[Stored data entries]
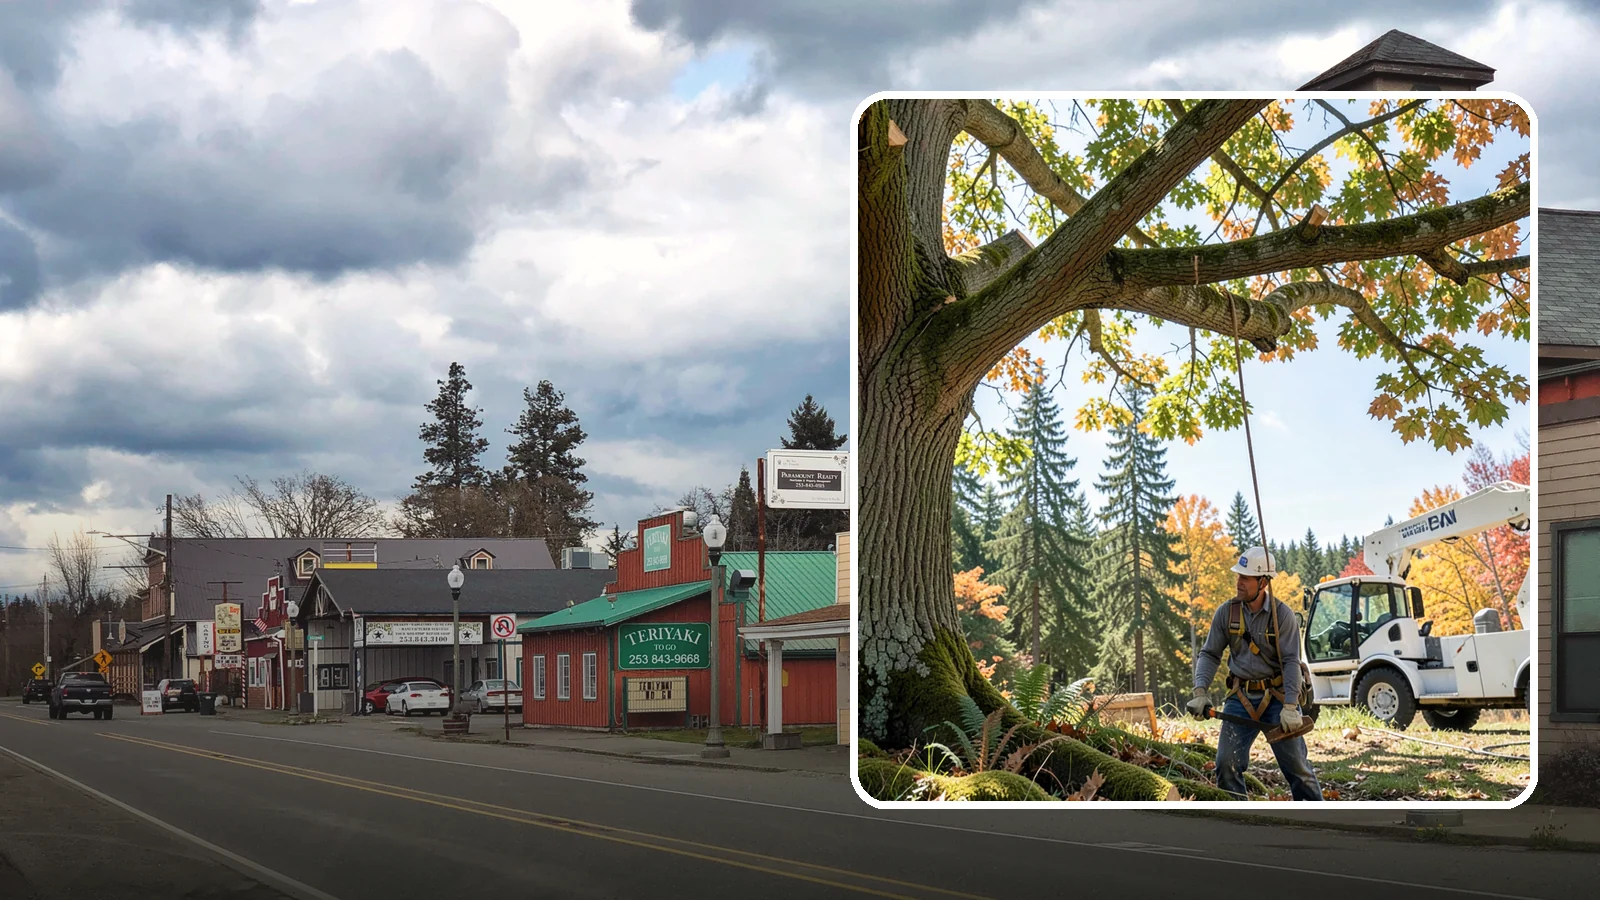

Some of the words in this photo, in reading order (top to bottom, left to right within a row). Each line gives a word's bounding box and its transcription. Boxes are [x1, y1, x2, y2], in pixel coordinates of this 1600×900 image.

[781, 471, 815, 479] PARAMOUNT
[817, 472, 839, 480] REALTY
[625, 627, 702, 646] TERIYAKI
[628, 654, 648, 665] 253
[651, 653, 700, 664] 843-9668
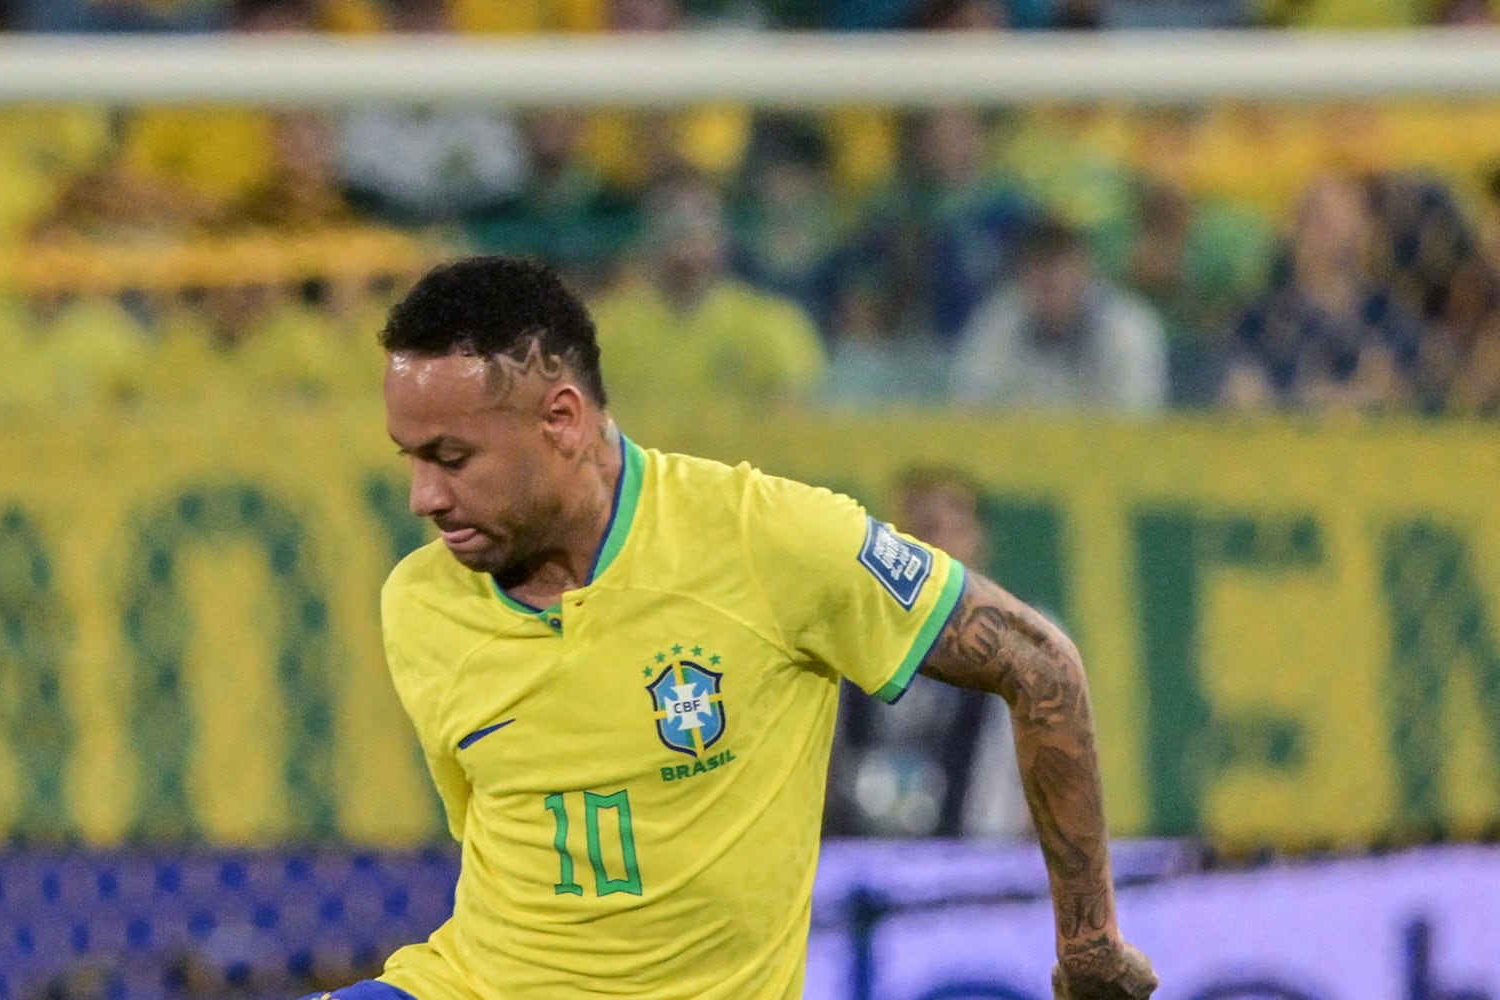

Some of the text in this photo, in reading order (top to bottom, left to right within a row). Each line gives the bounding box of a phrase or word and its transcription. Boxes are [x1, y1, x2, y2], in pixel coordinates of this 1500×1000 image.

[672, 699, 702, 715] CBF
[660, 750, 736, 782] BRASIL
[544, 789, 643, 897] 10

| EXERCISE DESCRIPTION |
Copy the data above line for line, skipping every picture.

| SOLUTION |
Some of the words in this photo, in reading order (top to bottom, left to right within a row). Each line gives a word's bounding box and its transcription. Boxes are [x1, y1, x2, y2], in pixel coordinates of this 1600×900 image.

[781, 471, 815, 479] PARAMOUNT
[817, 472, 839, 480] REALTY
[625, 627, 702, 646] TERIYAKI
[628, 654, 648, 665] 253
[651, 653, 700, 664] 843-9668

Some of the text in this photo, in reading order (top to bottom, left to right within a row). Each line gives the bounding box of a phrase or word and its transcription. Boxes are [x1, y1, x2, y2], in pixel coordinates of this 1500×1000 image.

[672, 699, 702, 715] CBF
[660, 750, 736, 782] BRASIL
[544, 789, 643, 897] 10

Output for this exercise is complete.